Public park in Bradford, West Yorkshire, England

Lister Park (also known as Manningham Park) is a picturesque public park in Bradford, West Yorkshire, England, between Manningham, Heaton and Frizinghall. It has won various national awards.

== About the park ==
It is situated about a mile outside the city centre on Manningham Lane, the main road between Bradford and Shipley. It is one of the city's largest parks and was purchased by the City of Bradford for half its commercial value from Samuel Cunliffe Lister, who built Lister's Mill.

An open air swimming pool, the Lister Park Lido was added to the park in 1915. Although it was very popular in its early years, by the 1930s the public were losing interest in the facility which no longer met the standards of hygiene they expected. In response to proposals made by the baths committee, the council carried out a modernisation scheme in 1937 which involved the installation of a filtration, sterilisation and heating plant. A cafe was also added. The Lido was reopened in May 1939. Popularity of the Lido waned over time and by 1982 repairs to the value of £60,000 were needed. The Lido closed in 1983 and was demolished in 1991.
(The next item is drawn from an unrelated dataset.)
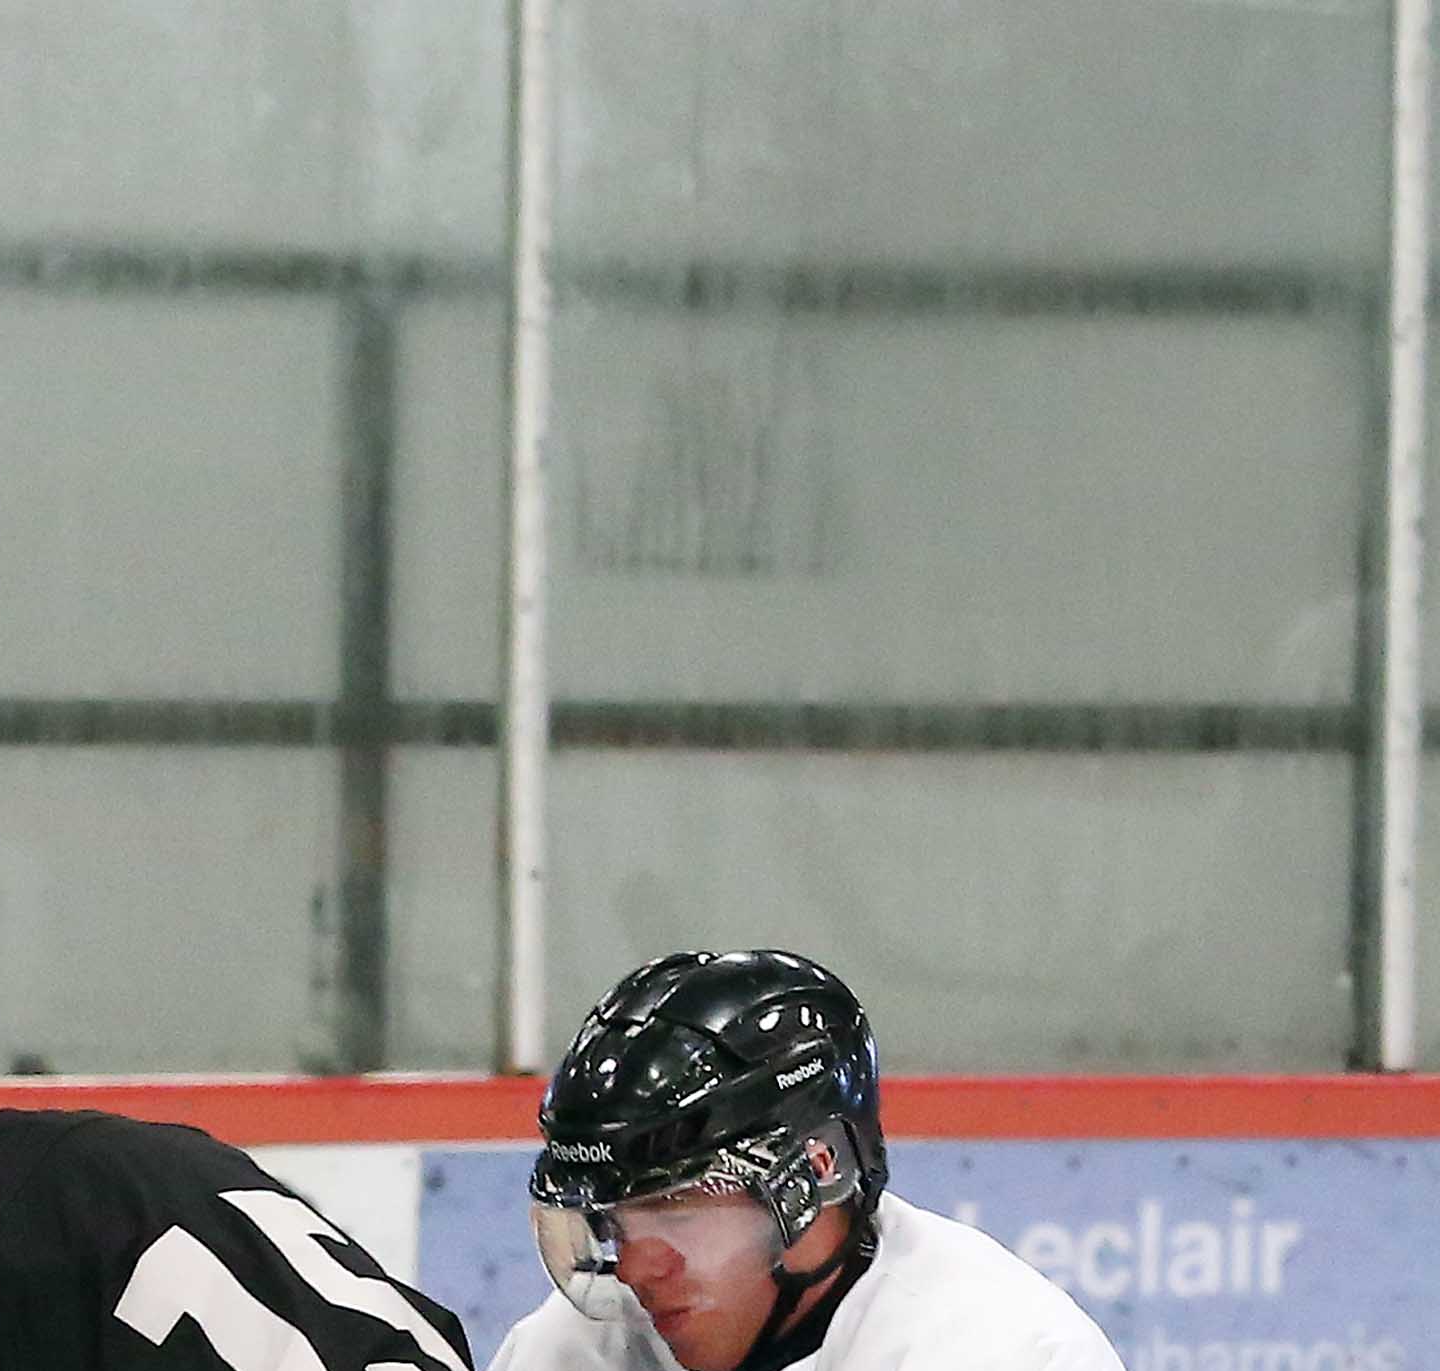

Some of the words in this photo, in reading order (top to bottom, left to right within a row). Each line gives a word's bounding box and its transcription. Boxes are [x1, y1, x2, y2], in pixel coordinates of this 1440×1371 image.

[776, 1056, 826, 1090] Reebok
[550, 1139, 614, 1163] Reebok
[956, 1198, 1304, 1299] eclair
The park has been successfully renovated in recent years. The lake has been re-opened for boats and a Mughal Water Garden constructed. There are also tennis and basketball courts, bowling greens and a children's playground. Bradford parkrun, a free, weekly, 5 km, hosted by local volunteers, is held in the park at 9 am every Saturday.

The park's original botanical garden was built by the Calverley antiquarian Samuel Margerison, who had a flair for garden design.

Lister Park contains the Cartwright Hall art gallery, where permanent and temporary exhibitions of modern and traditional art can be seen.

It was voted Britain's Best Park for 2006, and nominated for the Best Park In Europe 2006.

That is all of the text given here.